Afterllife of the Party
Afterlife of the Party is a party in and of itself – there’s a lot to love and it’s great fun for any casual viewer. It’s an emotional journey, filled with some comedy and plenty of tears, but it also has a handful of negatives that are difficult to ignore.
One of the production’s major problems is its tendency to tell and not show, thus resulting in unnatural delivery of lines: “impromptu dance party with my best friend since first grade” and “love you my bestie since we were six” are just two examples. The information that the film tries to spoon-feed breaks immersion. The script also loves to state the obvious, mentioning Cassie’s birthday multiple times in several scenes, and featuring lines such as, “Is that my half-sister? I never met her” (the latter half being unnecessary since the question already implies they’ve never met!). However, the actors do manage to drag the material out of troubled waters with a fantastic dynamic.
On their own, there’s nothing special about the individual cast members, but it’s how they play off of one another that truly keeps the movie afloat. Victoria Justice (as Cassie) and Midori Francis (as Lisa) bring out the rage in each other throughout their arguments. Robyn Scott (who plays guardian angel Val) embodies the perfect mother figure for Justice’s unruly character. She has enough wit and spunk to glam up the humour, but still maintains a stern edge.

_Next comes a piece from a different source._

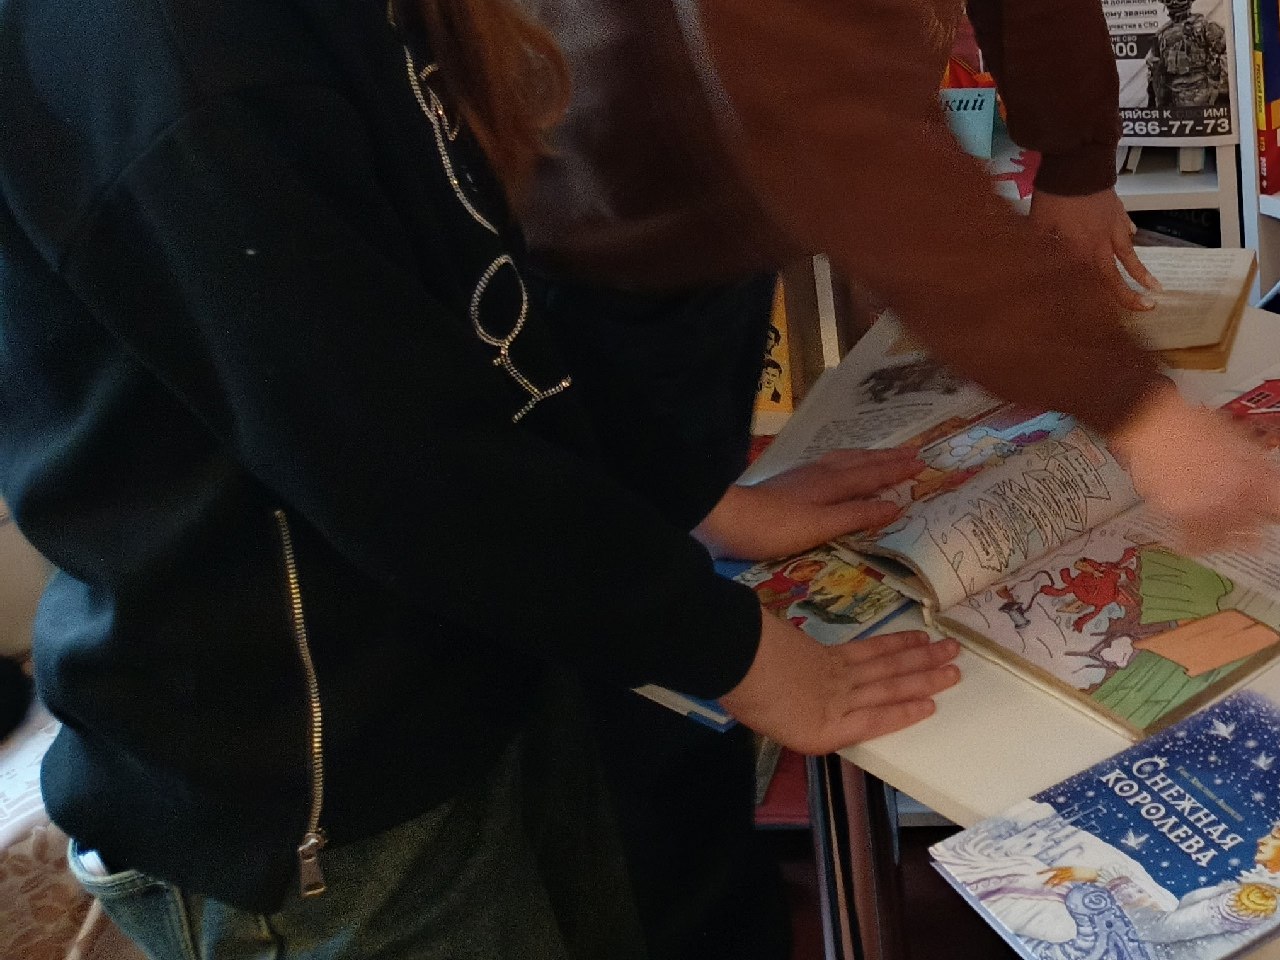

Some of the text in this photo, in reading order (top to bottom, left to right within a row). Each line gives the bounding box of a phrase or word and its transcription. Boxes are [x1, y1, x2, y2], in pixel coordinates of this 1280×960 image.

[943, 90, 986, 112] кий
[1099, 768, 1219, 868] КОРОЛЕВА
[1132, 754, 1245, 851] СНЕЖНАЯ

The camerawork varies, from some shots with a lot of life to others that are generic and boring. These are interestingly utilised to help progress the storytelling: focus to highlight emotions, and angles to showcase the different perspectives people have of Cassie’s ghostly presence. While the vibrancy of the film is indicative of Cassie’s personality as the life of the party, it sometimes hinders creating tone for certain scenes. This doesn’t help the audience empathise with what the characters are going through.
All of that said, the film is more than just the conflict of its central role. In general, the whole concept of angels and the in between is a cliché, but an effective angle to use in a story with a moral message about selflessness.
Afterllife of the Party is released on Netflix on 2nd September 2021.